2020年度に高校は共学へ移行。男女が切磋琢磨して共に成長していく教育環境を整備

 「信頼を受くる人となれ」「責任を重んぜよ」「秩序を守れ」の三条と、「誠意」「総力」「努力」「創造」「忍耐」の五訓、この「三条五訓」を教育理念として掲げる横浜中学・高等学校は、生徒一人ひとりの個性を尊重した学習指導と人間教育を実践しています。創立75周年を迎えた昨年、その記念として「学園整備事業」がスタートし、昨年9月に人工芝のグラウンドが完成しました。このほか、校舎や体育館などのリノベーションも進行中です。

 説明会で校長の葛蔵造先生は、2020年度から高校が女子の募集を開始し、男子校から共学校に移行することを紹介しました。中学から入学した中高一貫生については、高校でも中高一貫生だけの男子生徒のみのクラスで学びますが、学校行事、クラブ、委員会などにおいては、女子生徒と一緒に活動します。葛先生は「中学の3年間は、男子だけでじっくりと指導し、学力とともに心を育んでいきます。そして、高校では、男女が切磋琢磨して共に成長していく環境を整えていきます」と語りました。
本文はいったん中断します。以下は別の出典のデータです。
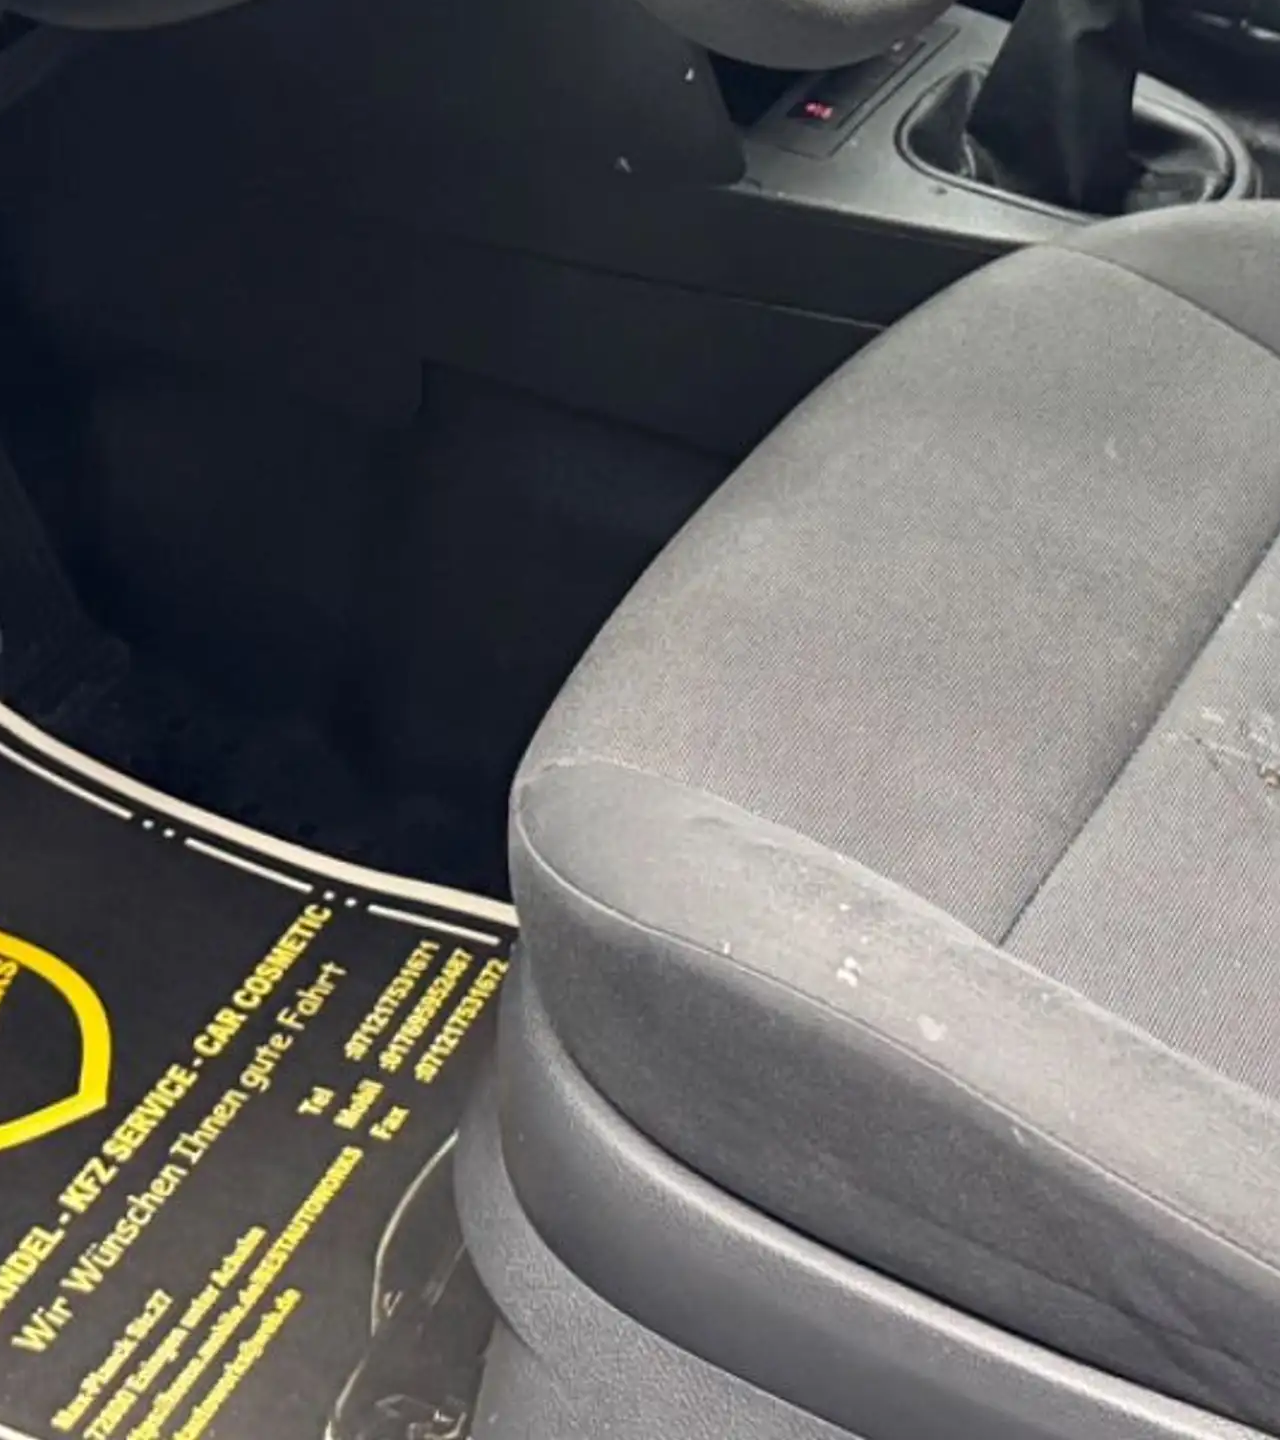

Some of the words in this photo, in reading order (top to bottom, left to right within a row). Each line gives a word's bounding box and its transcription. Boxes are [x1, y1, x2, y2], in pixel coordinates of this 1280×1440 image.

[58, 1156, 119, 1213] KFZ
[102, 1063, 199, 1162] SERVICE
[193, 1007, 248, 1056] CAR
[232, 904, 332, 1009] COSMETIC
[296, 1085, 336, 1115] Tel
[369, 1105, 410, 1141] Fax
[11, 1296, 73, 1352] Wir
[59, 1163, 188, 1293] Wünschen
[169, 1088, 250, 1165] Ihnen
[239, 1032, 295, 1094] gute
[276, 961, 348, 1030] Fahrt
 続いて、人間力を高める取り組みとして、「Life Design Program(ライフデザイン教育)」「International Education(国際教育)」「Feeling & Emotional Education(情操・体験教育)」「Expression & Communication(表現・コミュニケーション教育)」の四つを重視している点に触れた葛先生。このうち、ライフデザイン教育については、中学で「自己を認識して、自己肯定感を高める」「他者を理解し、受容して、社会とのかかわりを考える」といった指導を通じて、「高校で明確な将来像をイメージできるようにサポートしている」とのことです。
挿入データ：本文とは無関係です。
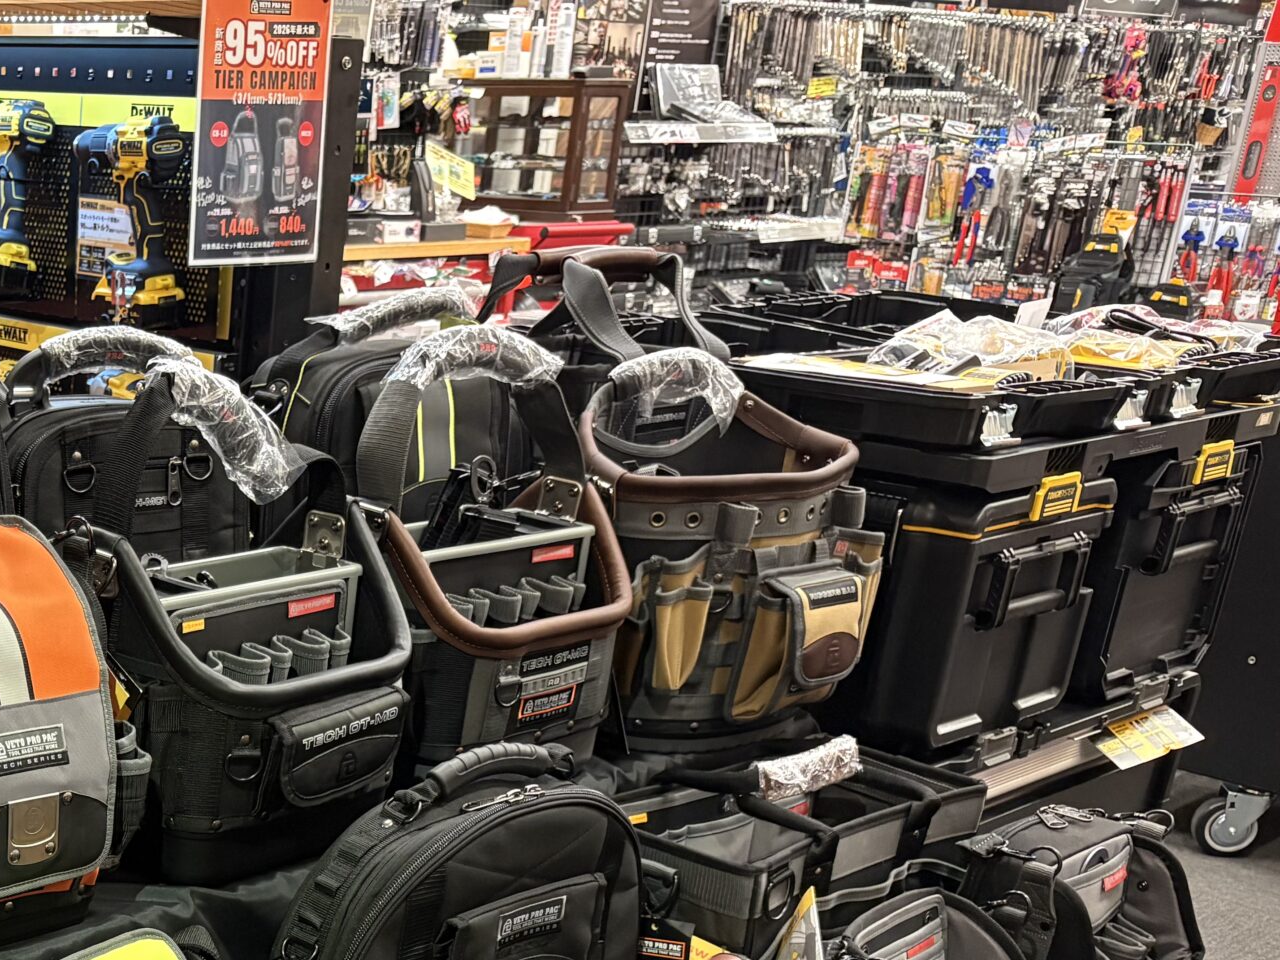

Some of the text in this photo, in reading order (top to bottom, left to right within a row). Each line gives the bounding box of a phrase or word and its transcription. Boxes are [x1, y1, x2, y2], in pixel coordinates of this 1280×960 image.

 一方、国際教育については、海外の大学生や高校生たちと交流する国内宿泊プログラムのアメリカンキャンプ(中1)、カナダ海外研修(中2・3)、3か月間のニュージーランド短期留学(高2)のほか、昨年度から、ニュージーランドでのインターンシップ体験プログラムも始まりました。「チームを組んで、企業の一員として従事するこのプログラムを通じて、新しい価値観に触れ、視野を広げてもらえたらうれしいですね」と葛先生は語りました。
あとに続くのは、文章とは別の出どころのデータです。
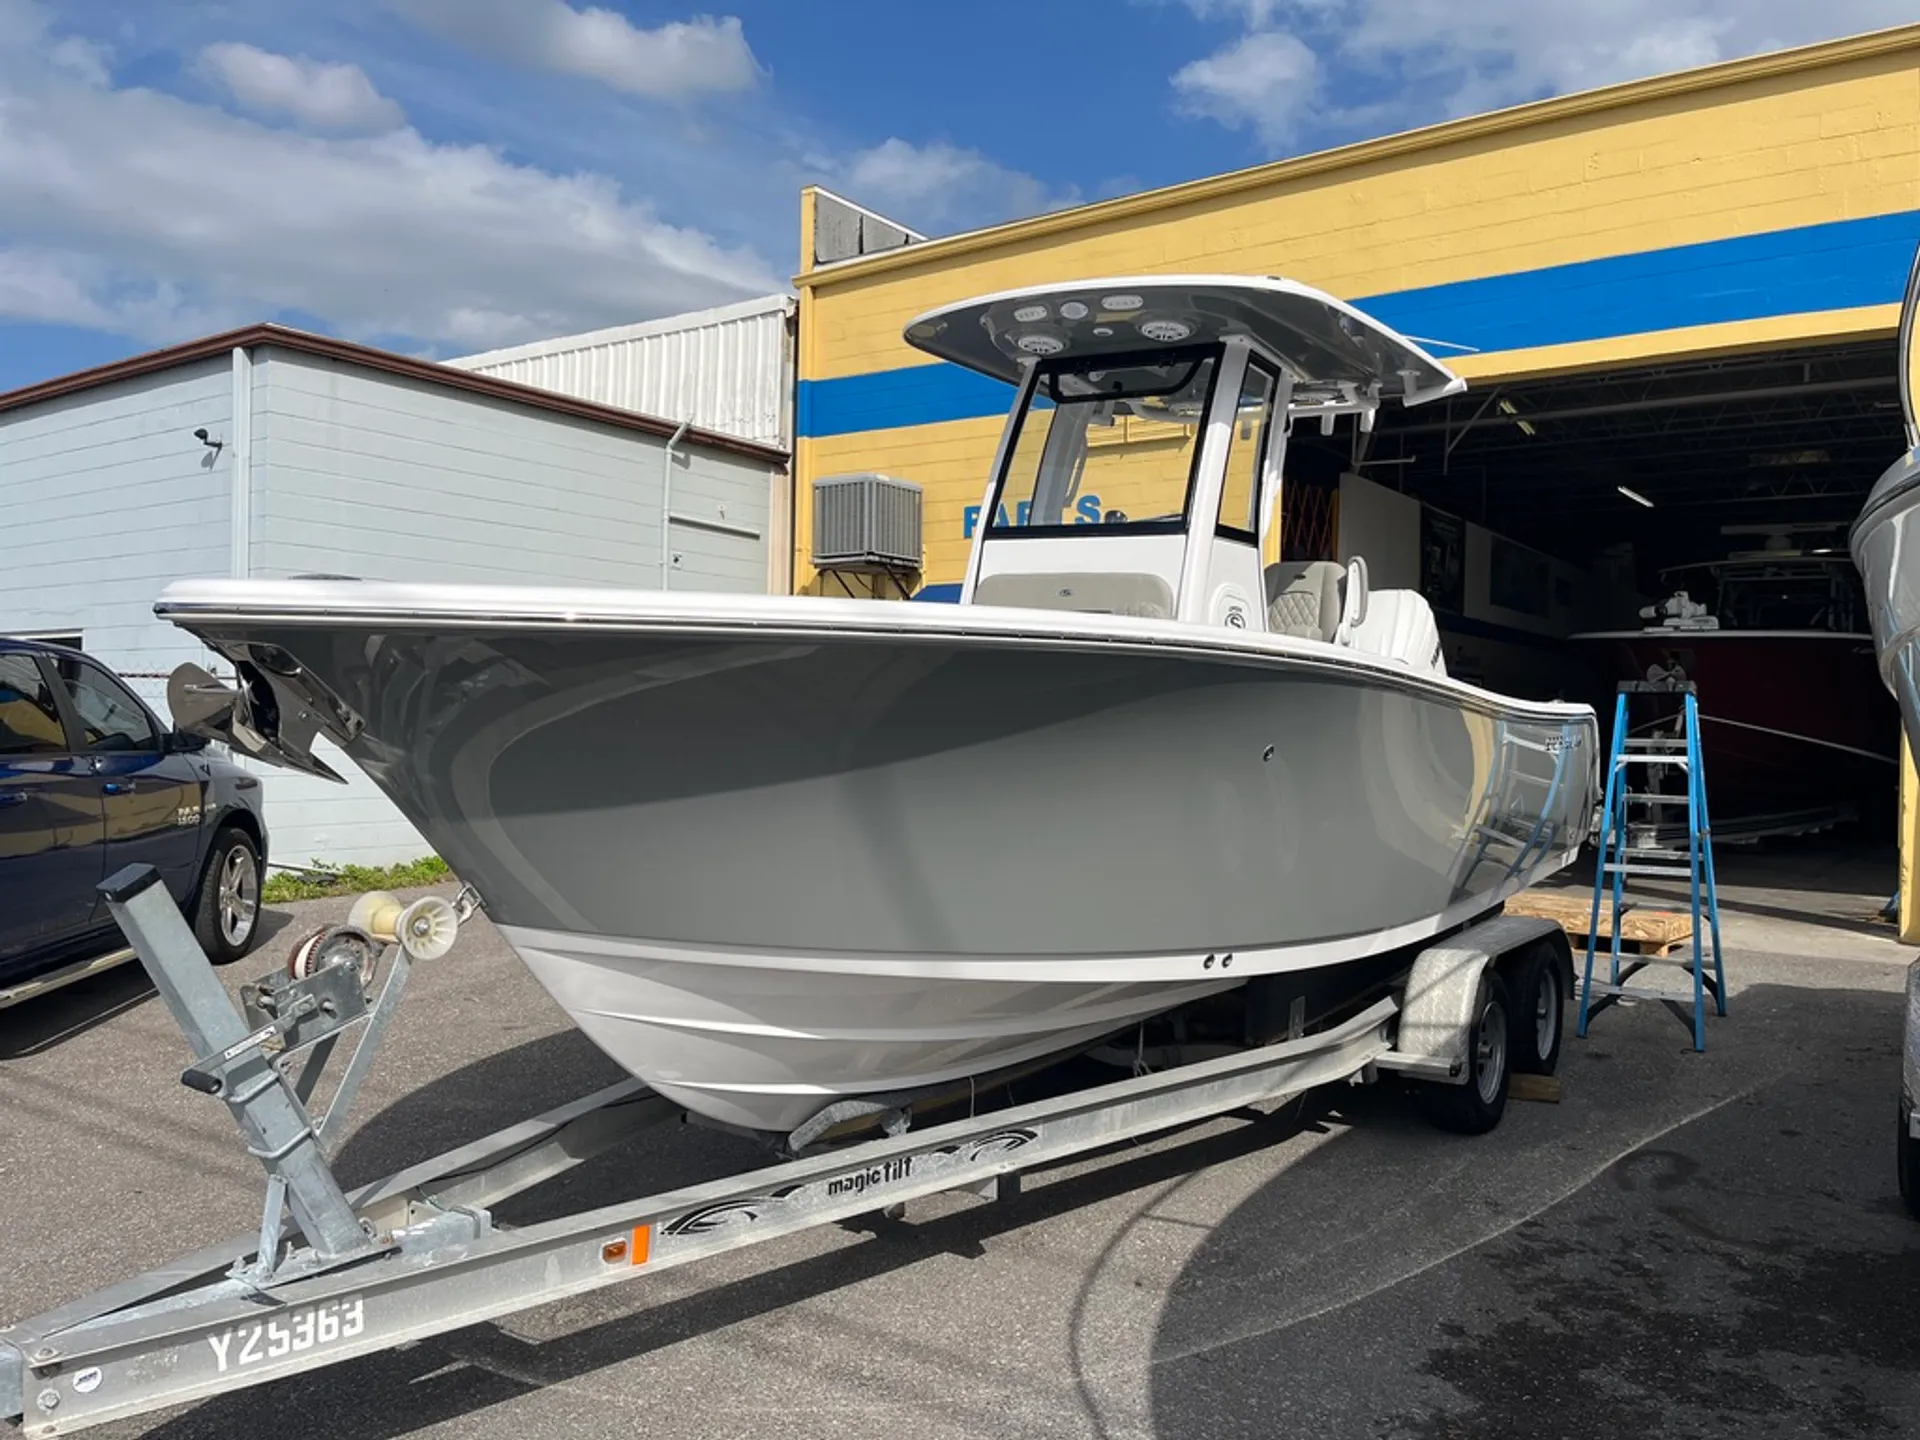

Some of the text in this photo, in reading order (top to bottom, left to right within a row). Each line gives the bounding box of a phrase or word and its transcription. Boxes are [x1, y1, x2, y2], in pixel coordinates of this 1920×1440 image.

 続いて、教育内容の説明です。基礎学力の養成については、少人数制や習熟度別の授業を実施し、一人ひとりの理解度に応じた指導を行っています。また、定期的に実施する小テストで成績が振るわなかった生徒に対しては、指名制の個別補習を行い、遅れを見逃さないようにしています。加えて、大学生のOBがチューターとして個別自習室に常駐し、学習をサポートしているのも特徴です。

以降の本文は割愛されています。